### Extracted entries
= = = =

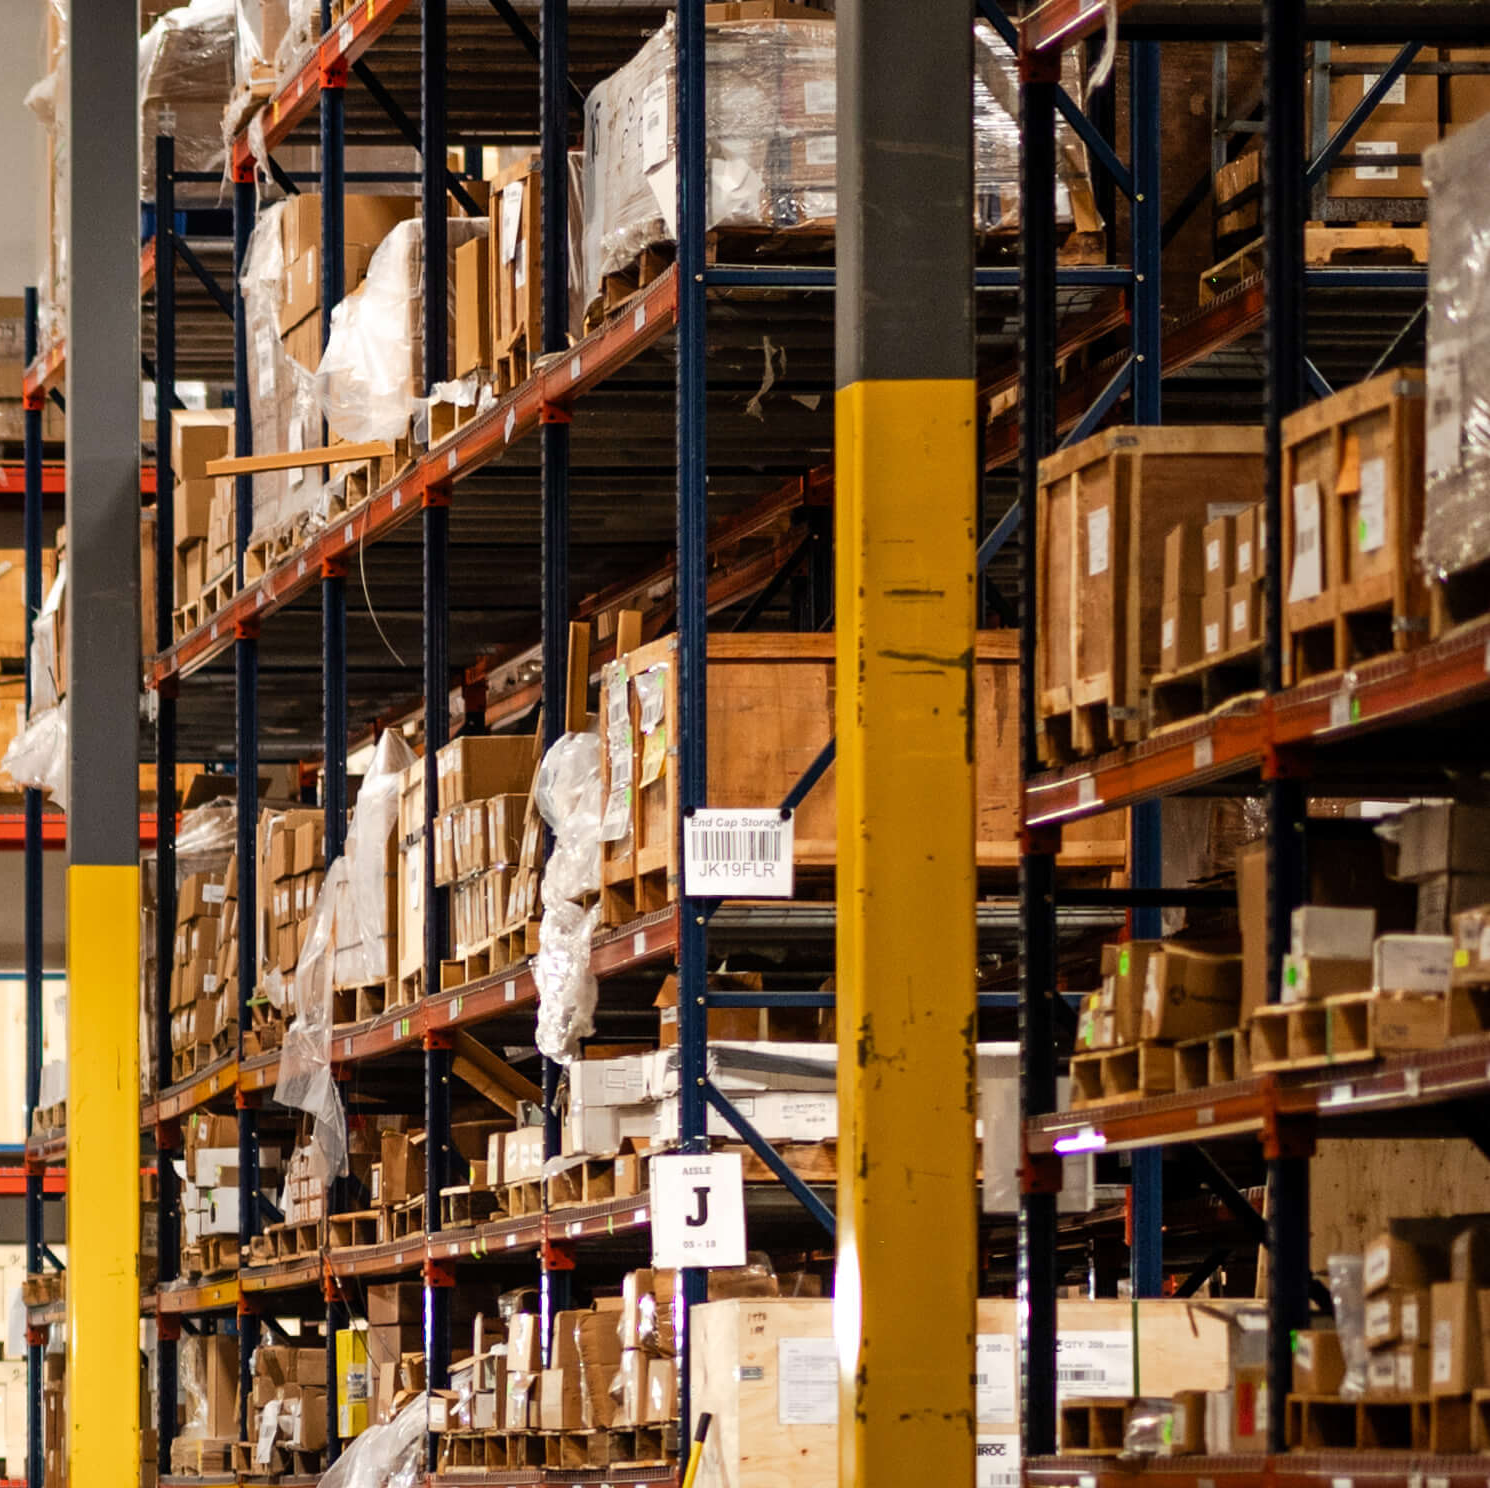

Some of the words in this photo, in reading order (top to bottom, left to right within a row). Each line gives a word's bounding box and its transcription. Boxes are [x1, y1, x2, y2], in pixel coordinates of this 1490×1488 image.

[691, 817, 712, 827] End
[715, 817, 737, 829] Cap
[740, 817, 782, 829] Storage
[699, 862, 776, 877] JK19FLR
[682, 1166, 712, 1175] AISLE
[685, 1186, 711, 1228] J
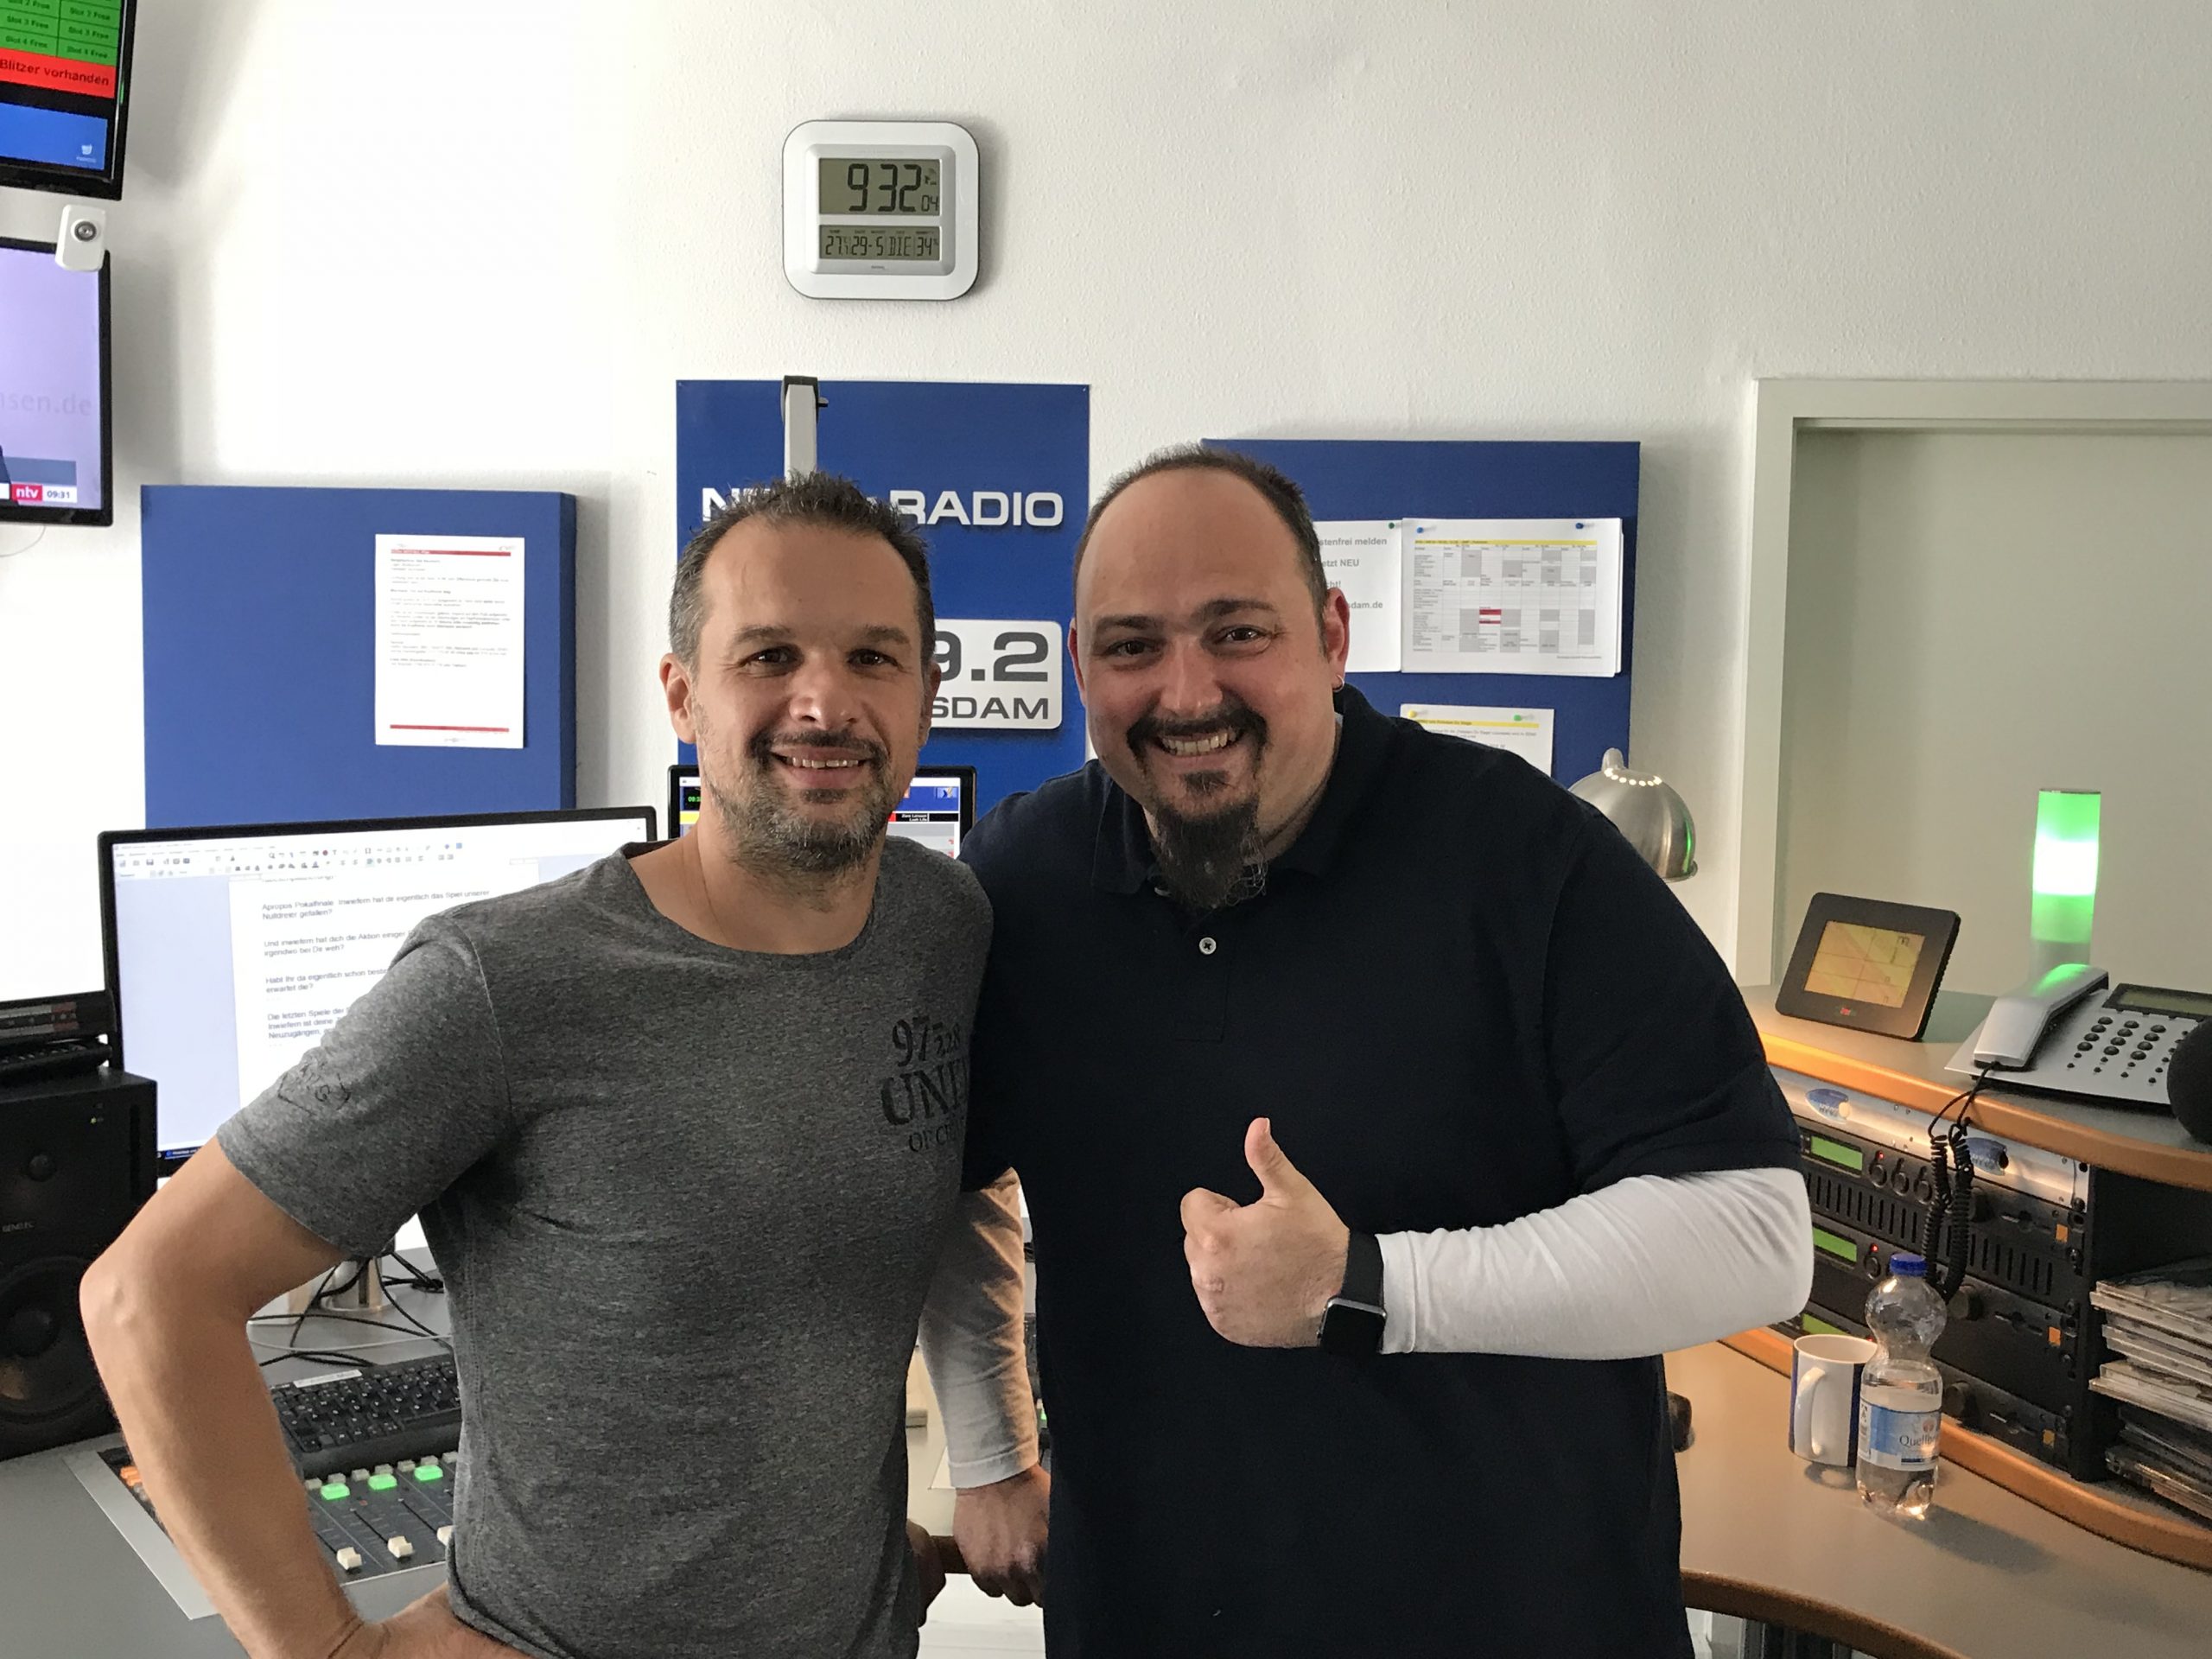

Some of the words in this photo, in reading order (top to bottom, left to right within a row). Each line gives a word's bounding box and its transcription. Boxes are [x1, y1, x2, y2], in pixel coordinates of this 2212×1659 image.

[0, 58, 41, 74] Blitzer
[44, 67, 110, 86] vorhanden
[16, 485, 39, 499] ntv
[47, 490, 71, 499] 09:31
[889, 489, 1064, 527] RADIO
[1319, 537, 1353, 546] stenfrei
[1355, 537, 1388, 546] melden
[935, 631, 1049, 683] 9.2
[931, 696, 1049, 720] SDAM
[262, 903, 293, 912] Apropos
[445, 891, 463, 899] Spiel
[325, 944, 345, 952] weh?
[308, 972, 343, 982] eigentlich
[265, 985, 296, 994] erwartet
[297, 982, 314, 991] die?
[267, 1013, 280, 1021] Die
[282, 1011, 307, 1020] letzten
[308, 1009, 331, 1018] Spiele
[268, 1021, 302, 1030] Inwiefern
[892, 1014, 930, 1067] 97

= = = =

### Work task
Without including any pictures, output each entry above exactly as it appears.

### Answer to this exercise
Some of the words in this photo, in reading order (top to bottom, left to right within a row). Each line gives a word's bounding box and its transcription. Boxes are [x1, y1, x2, y2], in pixel coordinates of this 1490×1488 image.

[691, 817, 712, 827] End
[715, 817, 737, 829] Cap
[740, 817, 782, 829] Storage
[699, 862, 776, 877] JK19FLR
[682, 1166, 712, 1175] AISLE
[685, 1186, 711, 1228] J

Some of the words in this photo, in reading order (top to bottom, left to right within a row). Each line gives a word's bounding box and its transcription. Boxes are [x1, y1, x2, y2], in pixel coordinates of this 2212×1659 image.

[0, 58, 41, 74] Blitzer
[44, 67, 110, 86] vorhanden
[16, 485, 39, 499] ntv
[47, 490, 71, 499] 09:31
[889, 489, 1064, 527] RADIO
[1319, 537, 1353, 546] stenfrei
[1355, 537, 1388, 546] melden
[935, 631, 1049, 683] 9.2
[931, 696, 1049, 720] SDAM
[262, 903, 293, 912] Apropos
[445, 891, 463, 899] Spiel
[325, 944, 345, 952] weh?
[308, 972, 343, 982] eigentlich
[265, 985, 296, 994] erwartet
[297, 982, 314, 991] die?
[267, 1013, 280, 1021] Die
[282, 1011, 307, 1020] letzten
[308, 1009, 331, 1018] Spiele
[268, 1021, 302, 1030] Inwiefern
[892, 1014, 930, 1067] 97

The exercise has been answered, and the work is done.